Chapter

Thirty-Six

Ravencrux

Too Late

W e flew at breakneck speed until we reached Forsaken Academy. The school stood nearly deserted. The tower was empty when we arrived, so we tracked Morrigan to the three-story Victorian she shared with Dante and Orren, just blocks from Ravencrux Tower. There, we found her sprawled on the floor.

Dante slapped her cheek hard, jolting her awake. Her eyes fluttered open, dazed and unfocused.

“Shit,” she slurred. “Someone must have drugged my tea.”

“How?” Orren snapped. He had shifted into his humanoid form, one he despised, but the academy demanded it. For my mate, though, he would endure anything.

“I ordered it from the Coven’s Brew Café,” she muttered, pushing herself up on unsteady arms. “What’s going on? Weren’t you supposed to be back days ago?”

“We were delayed,” I said, my jaw clenched. “Where’s Bloom?”

Morrigan’s face twisted with guilt. “I—I don’t know. I’m so sorry!”

“You had one job!” Dante snarled.

I didn’t waste time on anger. “Find her. Now!”

I forced myself to breathe, to think past the thunderous fear roaring in my skull. A blade of dread stabbed deep into my chest. Orren met my gaze, his eyes shadowed with guilt and terror. He had been her guardian; he adored her more fiercely than anyone, even me.

This was staged. Zeus had lured me away from the academy, and then some fuckers—Poseidon’s lackeys, Apollo, or one of the others—had struck.

They might not have killed her themselves, but their hands were all over this.

In my eyes, they were murderers. Though I hadn’t managed to kill them yet, that would change.

We soon learned that the students had taken a field trip to Patchogue. I sent Dante to scour the academy grounds, just in case.

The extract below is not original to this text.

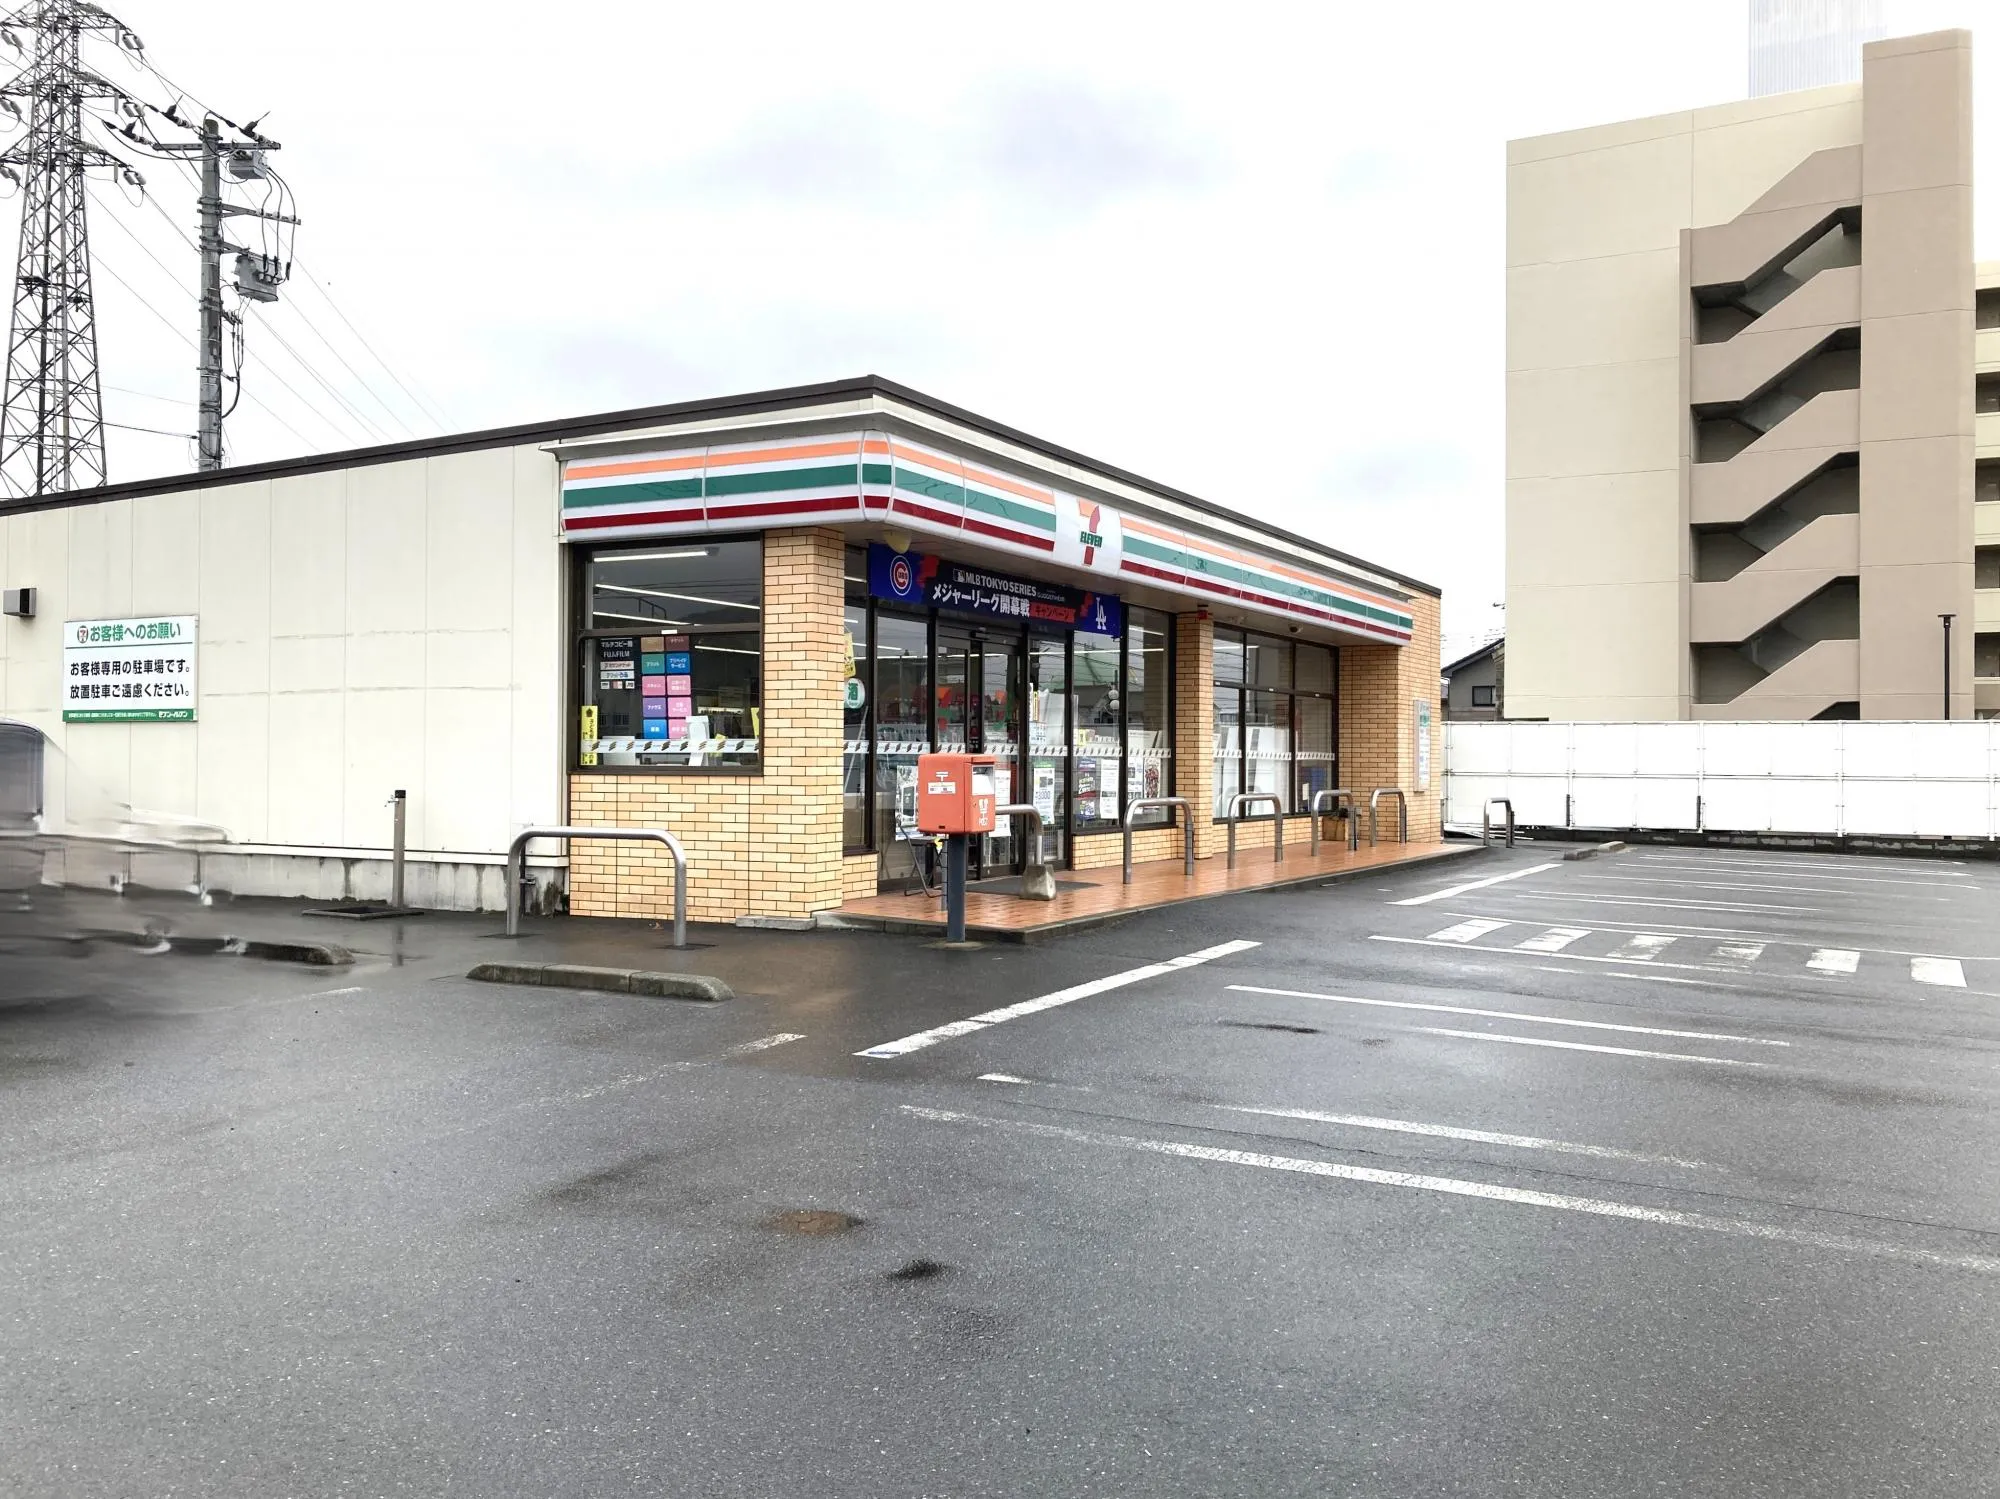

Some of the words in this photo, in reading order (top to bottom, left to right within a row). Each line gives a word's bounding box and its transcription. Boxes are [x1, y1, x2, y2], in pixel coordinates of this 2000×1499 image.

Orren, Morrigan, and I raced toward the town.

The festival was still going on when we arrived. Orren tracked Bloom’s scent straight to the heart of the market before stopping abruptly. He dropped low, a guttural howl tearing from his throat. My glamour made him look like a German shepherd, not the three-headed hell beast he truly was.

Then I saw it, a dark smear of blood on the cobblestones. Bloom’s blood.

My heart plunged into frozen terror. I was a god of death. There was no one left for me to beg.

Don’t let me be too late. The plea looped in my mind, useless but desperate. Cold panic churned in my gut like acid. Please. Not again.